There are a number of iPhone games that use music as a backdrop for game play. Tapulous’ popular Tap Tap Revenge series immediately comes to mind. The thing about games like Tap Tap Revenge is that they require you to buy content to play with which, on an iPhone full of music, might seem like a needless expense. The upcoming game Tune Runner from Appy Entertainment takes a more revolutionary path, using your existing music library as the in-game content.
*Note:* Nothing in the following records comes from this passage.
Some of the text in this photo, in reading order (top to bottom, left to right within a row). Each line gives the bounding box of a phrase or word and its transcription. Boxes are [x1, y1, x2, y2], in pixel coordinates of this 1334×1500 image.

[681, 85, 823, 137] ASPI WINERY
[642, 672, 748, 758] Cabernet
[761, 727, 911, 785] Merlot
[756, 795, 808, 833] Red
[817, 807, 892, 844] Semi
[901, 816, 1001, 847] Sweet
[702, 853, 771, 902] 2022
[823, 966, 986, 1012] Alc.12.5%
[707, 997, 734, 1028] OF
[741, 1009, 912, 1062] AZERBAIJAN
In Tune Runner, the player must make their way through various environments by drawing the shapes that move from right to left on the screen. Successfully draw the shape through touch on the screen and your robot Grov-ee continues on his journey, unsuccessfully draw the shape and your robot loses a little bit of his life. If you miss enough shapes your life meter drains and your mission is over. As I alluded to in the beginning though, Tune Runner’s revolutionary aspect is in the creation of the game environment. Tune Runner scans the music on your iPhone and for each level played you select a song. The game then generates the level dynamically based on that song. Every level is different, no two plays are ever the same. Even two plays on the same song are different.
Tune Runner for iPhone also implements some nice extras in addition to the solid game play. Tune Runner implements full OpenFeint support with global high scores and achievements. Additionally, after you complete a song, your score is submitted against all other scores for that song. This is an interesting twist on social gaming since usually overall global high score is usually king.
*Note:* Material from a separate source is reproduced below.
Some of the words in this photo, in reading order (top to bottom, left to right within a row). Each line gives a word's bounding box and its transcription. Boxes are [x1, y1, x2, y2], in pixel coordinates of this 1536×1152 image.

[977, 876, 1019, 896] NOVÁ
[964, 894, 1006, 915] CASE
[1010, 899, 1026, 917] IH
The other interesting extra is how game play and game price are connected. Instead of pasting banner ads to every empty space in the application or charging more for the game, Tune Runner takes another approach. Each new game is allotted a certain number of plays of the game. To earn more plays of the game the user can either purchase them or earn them the Recharge mini-game. Purchasing them is a straightforward proposition. The Recharge mini-game is a little bit more interesting. Play is the same as the main game but instead of Grov-ee, a battery is displayed. Each shape that is successfully drawn places a bit more energy in the battery. When the battery reaches full charge an additional play is earned. To subsidize this, banner ads are displayed during the Recharge mini-game which is a small price to pay for this fun little mini-game and additional plays of the game.
I look forward to playing the final version of Tune Runner. It looks to be an innovative game with a fun and interesting interface. I think Appy has a winner on its hands.